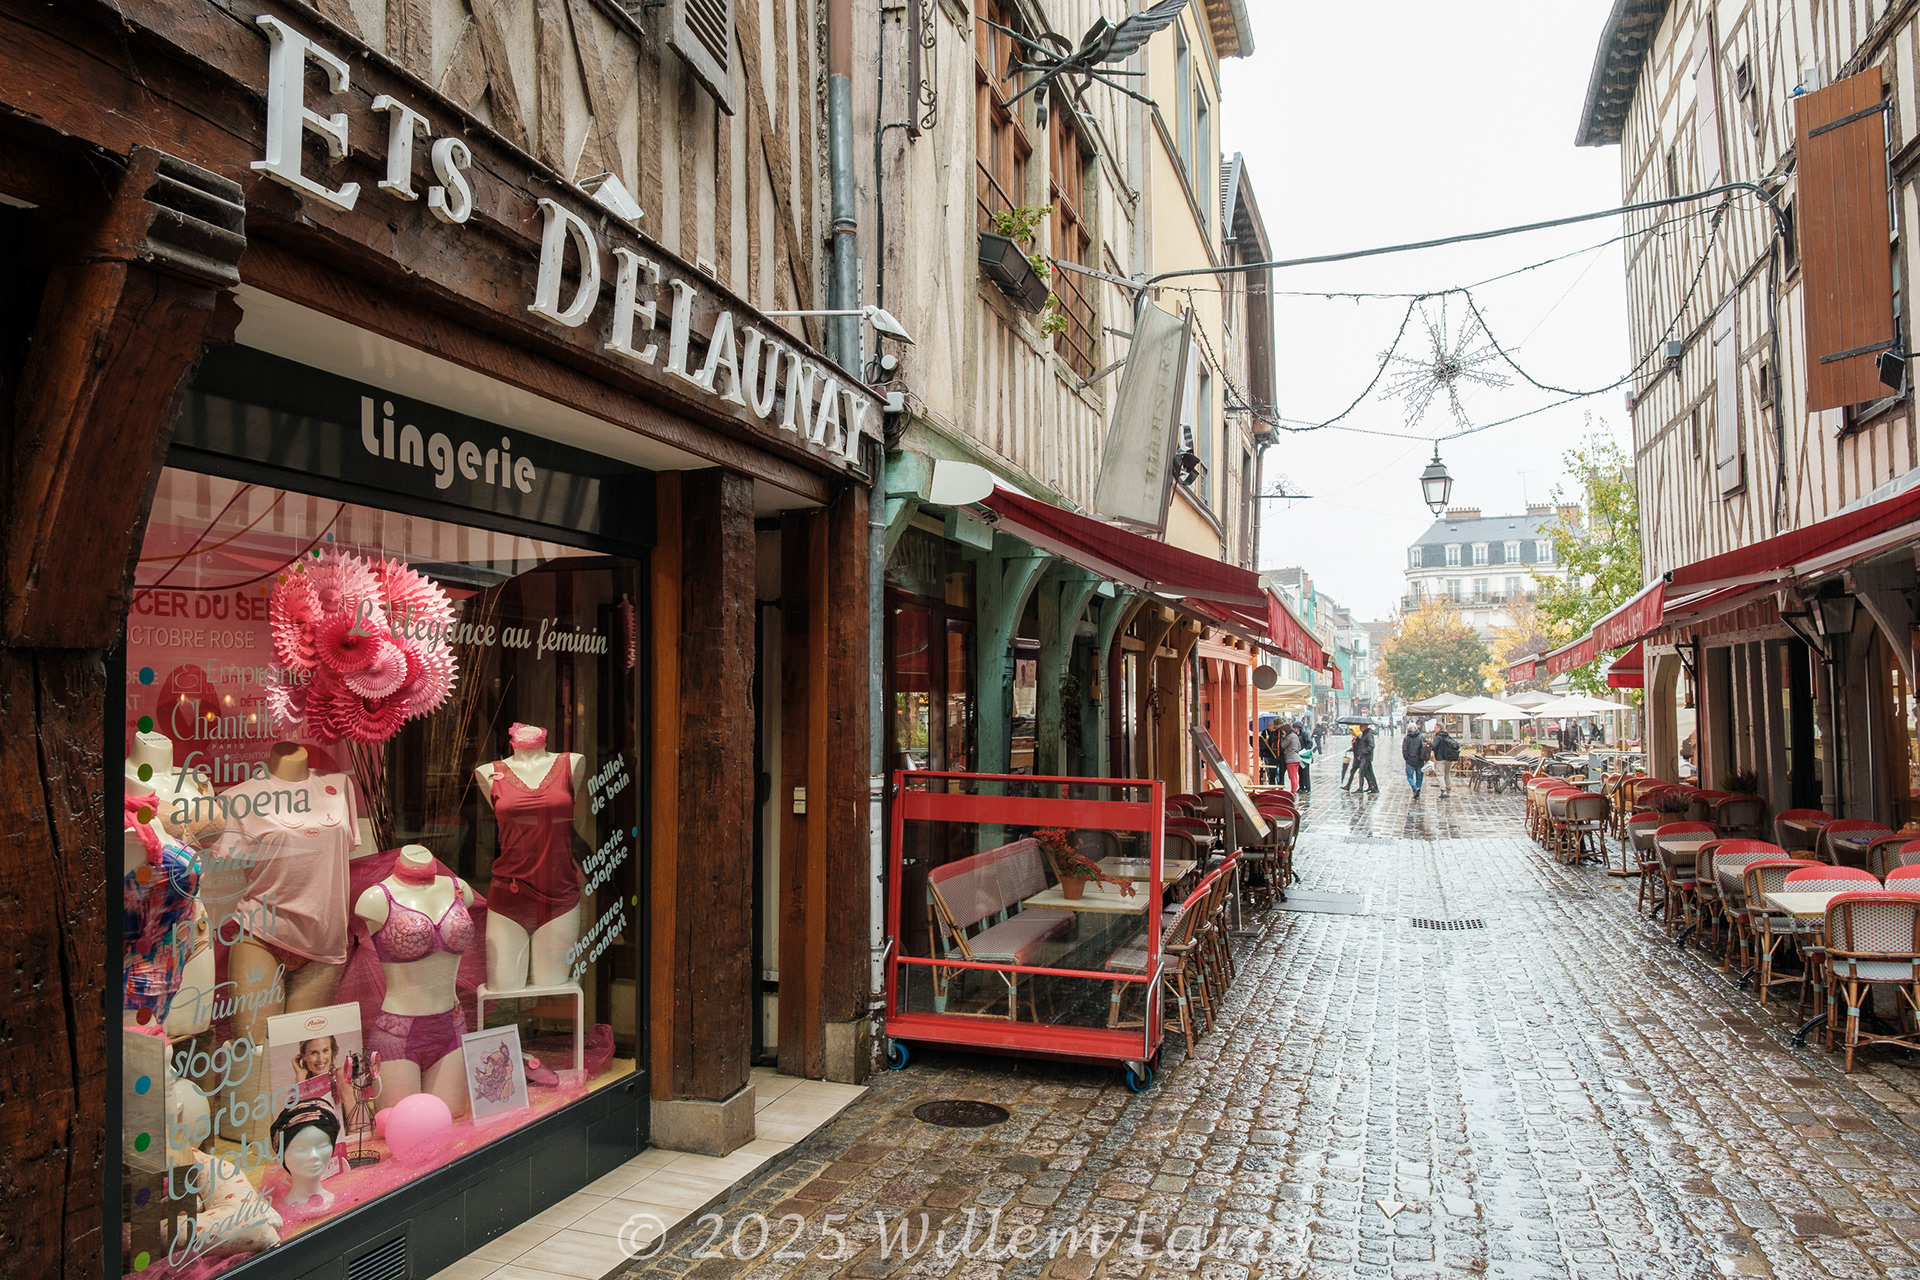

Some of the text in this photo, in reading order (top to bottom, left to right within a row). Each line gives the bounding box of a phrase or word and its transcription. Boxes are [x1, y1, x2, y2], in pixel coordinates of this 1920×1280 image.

[527, 197, 871, 466] DELAUNAY
[361, 395, 536, 493] Lingerie
[130, 589, 190, 618] CER
[194, 592, 229, 620] DU
[210, 630, 257, 649] ROSE
[501, 624, 532, 650] au
[536, 617, 609, 660] féminin
[205, 658, 312, 691] Empreinte
[171, 698, 280, 741] Chantelle
[171, 751, 271, 793] felina
[587, 752, 625, 797] Maillot
[591, 771, 630, 815] de bain
[170, 788, 311, 825] amoena
[181, 847, 256, 878] Anita
[585, 845, 628, 896] adaptée
[172, 893, 277, 957] marli
[565, 896, 624, 966] Chaussures
[572, 913, 627, 982] de confort
[170, 963, 286, 1026] Triumph
[169, 1026, 257, 1096] sloggi
[168, 1084, 300, 1151] barbara
[168, 1186, 275, 1268] Oscalito
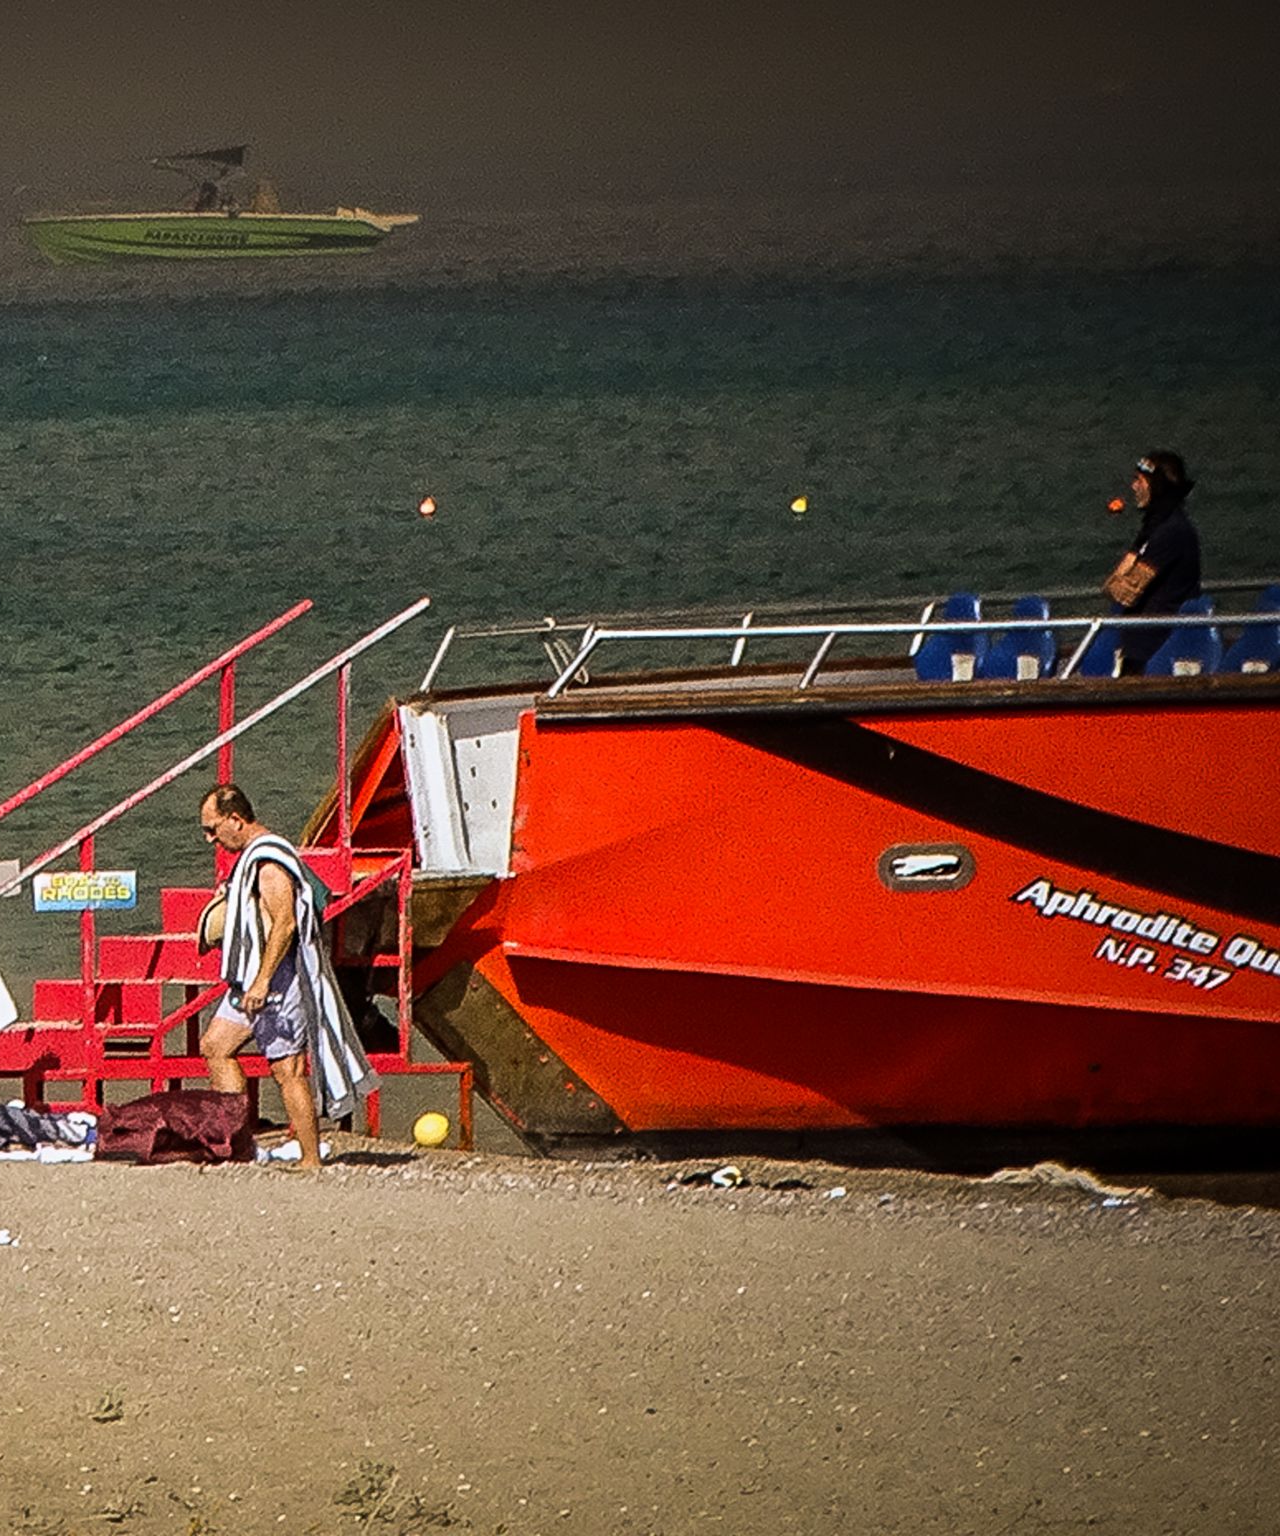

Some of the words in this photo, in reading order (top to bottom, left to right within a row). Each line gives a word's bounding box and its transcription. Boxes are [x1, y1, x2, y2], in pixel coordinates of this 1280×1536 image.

[42, 885, 131, 901] RHODES
[1016, 879, 1220, 955] Aphrodite
[1095, 938, 1158, 974] N.P.
[1164, 957, 1232, 990] 347

◆ INSTRUCTIONS TO FOLLOW ◆
Output exactly the lines above, from the one holding "Some of the words" through the end of the data, including the first and last.

◆ EXPECTED ANSWER ◆
Some of the words in this photo, in reading order (top to bottom, left to right within a row). Each line gives a word's bounding box and its transcription. Boxes are [x1, y1, x2, y2], in pixel coordinates of this 1280×1536 image.

[42, 885, 131, 901] RHODES
[1016, 879, 1220, 955] Aphrodite
[1095, 938, 1158, 974] N.P.
[1164, 957, 1232, 990] 347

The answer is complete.